Spatial localization data
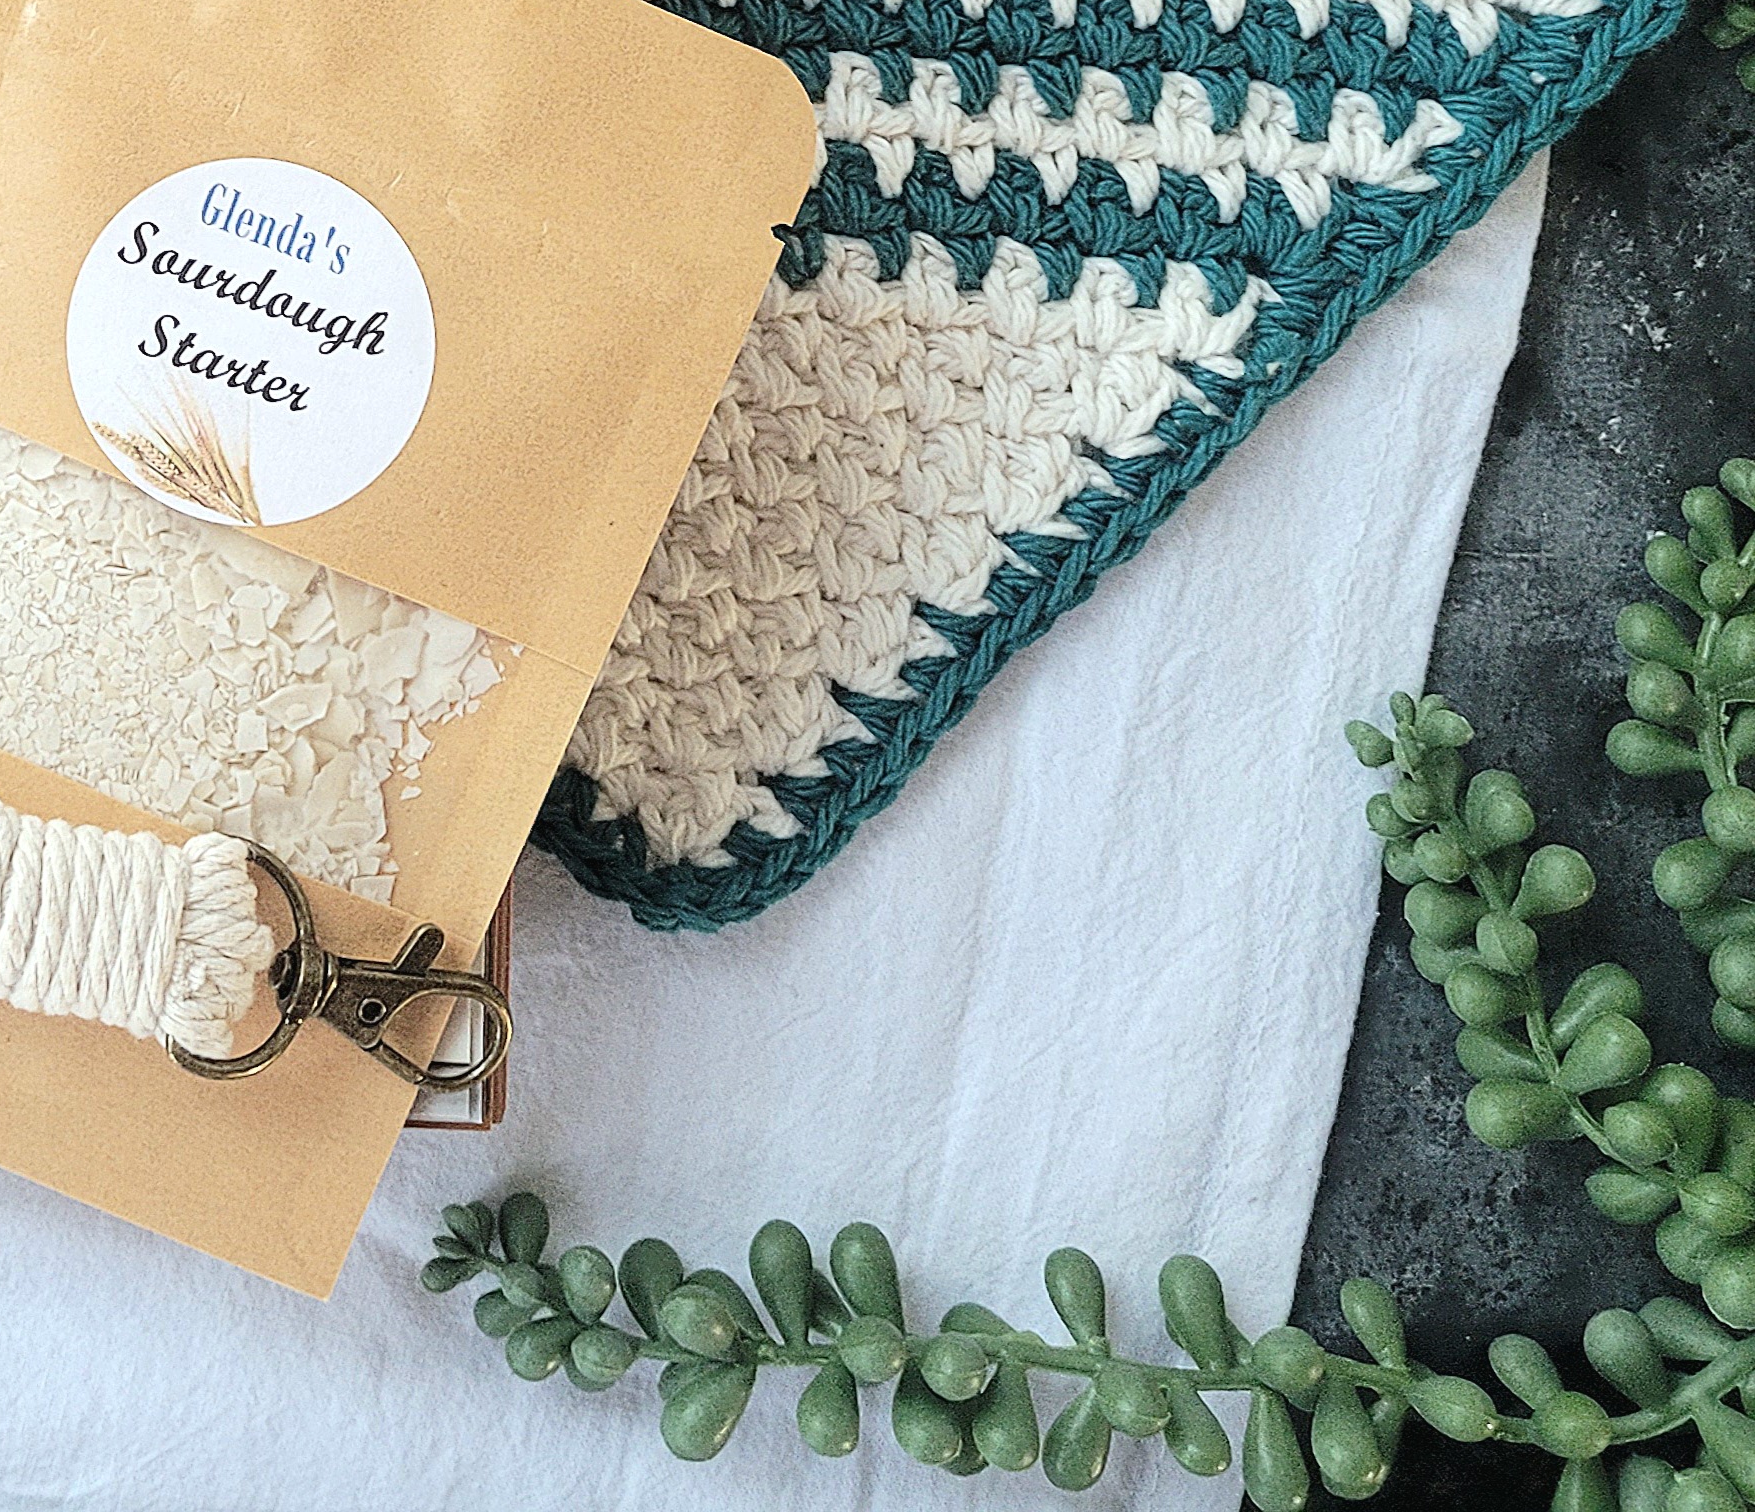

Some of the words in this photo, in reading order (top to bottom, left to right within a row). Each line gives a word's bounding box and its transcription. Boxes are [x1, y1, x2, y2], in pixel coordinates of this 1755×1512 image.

[201, 182, 352, 276] Glenda's
[117, 221, 390, 355] Sourdough
[138, 314, 309, 412] Starter
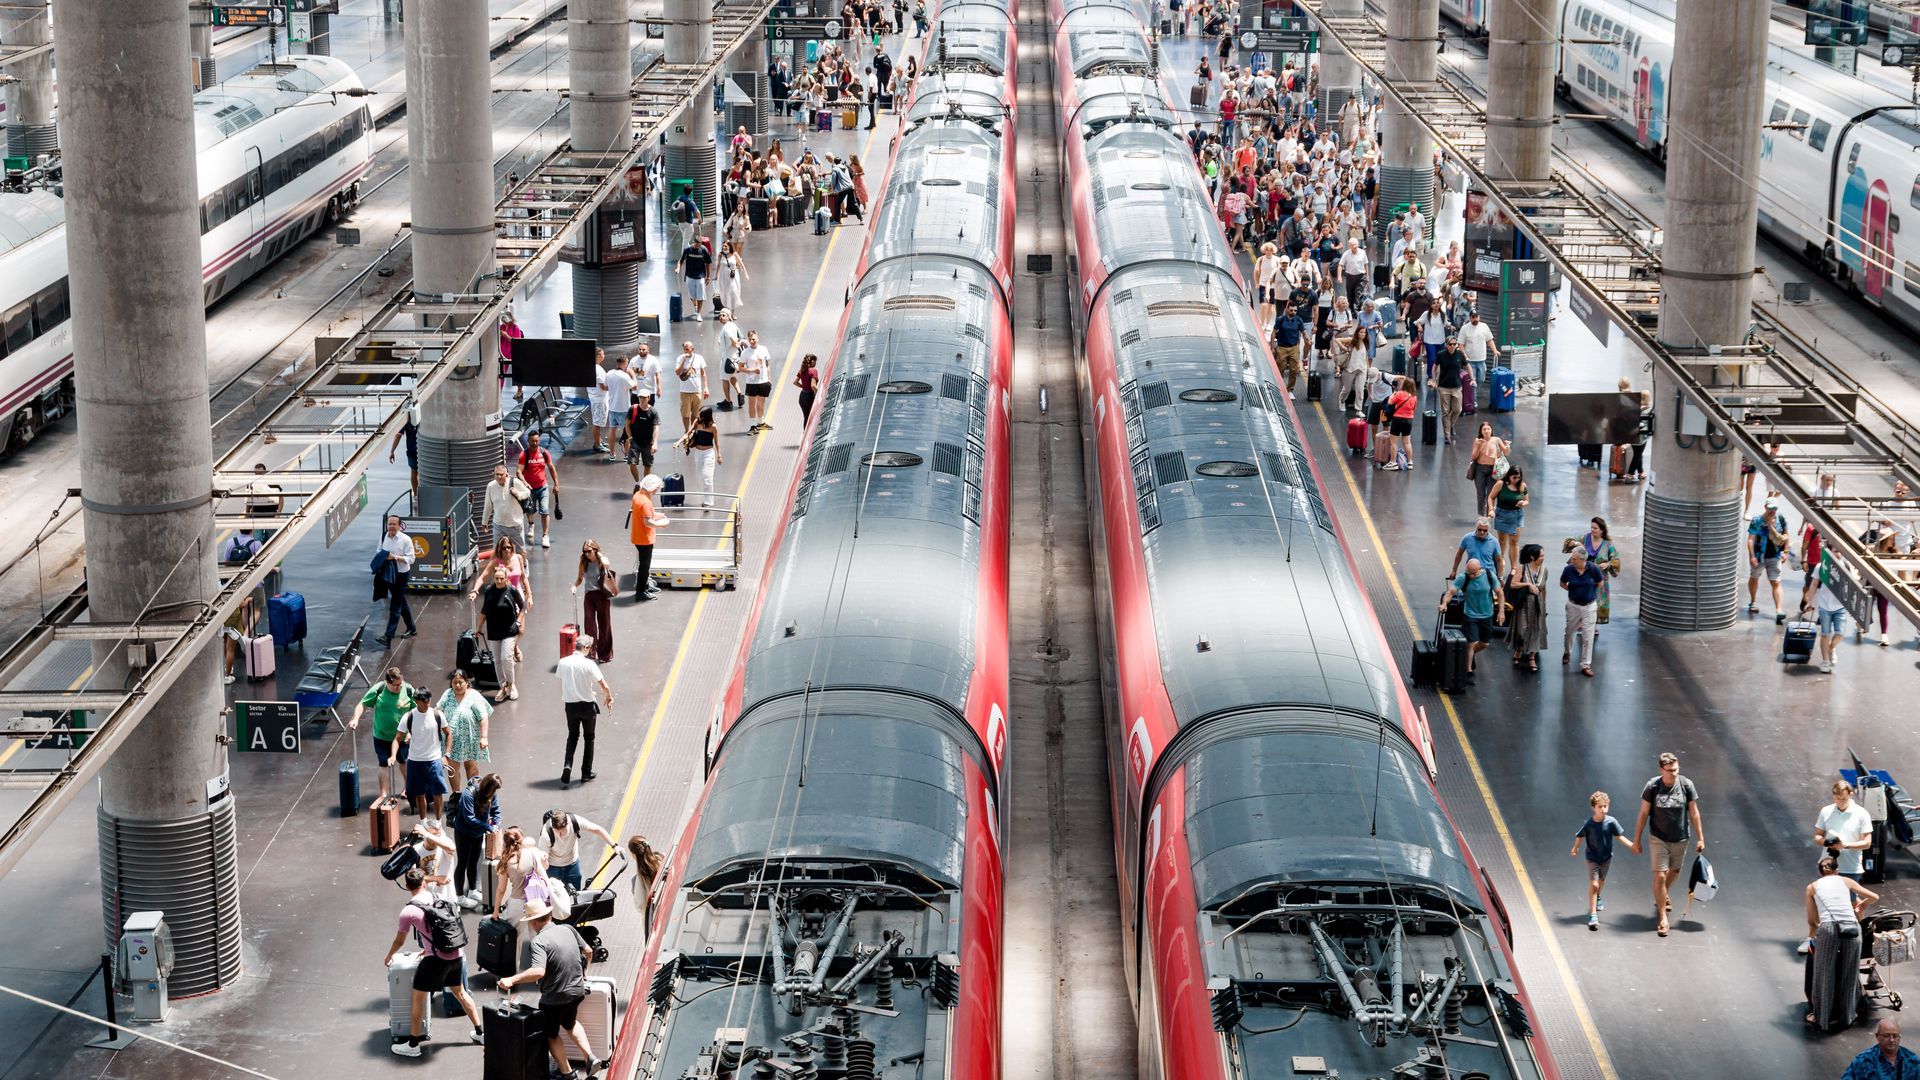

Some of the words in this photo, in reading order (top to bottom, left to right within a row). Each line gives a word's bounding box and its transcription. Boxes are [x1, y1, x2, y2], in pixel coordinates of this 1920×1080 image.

[220, 14, 227, 24] 4
[775, 27, 783, 38] 6
[1302, 40, 1310, 51] 7
[57, 723, 74, 746] A
[251, 726, 268, 749] A
[281, 727, 297, 750] 6

**YOUR TASK:**
From the first line to the last, set down the records word for word and drop the images.

**TASK OUTPUT:**
Some of the words in this photo, in reading order (top to bottom, left to right within a row). Each line gives a word's bounding box and its transcription. Boxes are [x1, y1, x2, y2], in pixel coordinates of this 1755×1512 image.

[201, 182, 352, 276] Glenda's
[117, 221, 390, 355] Sourdough
[138, 314, 309, 412] Starter

Some of the words in this photo, in reading order (top to bottom, left to right within a row). Each line gives a word's bounding box and its transcription. Boxes are [x1, y1, x2, y2], in pixel coordinates of this 1920×1080 image.

[220, 14, 227, 24] 4
[775, 27, 783, 38] 6
[1302, 40, 1310, 51] 7
[57, 723, 74, 746] A
[251, 726, 268, 749] A
[281, 727, 297, 750] 6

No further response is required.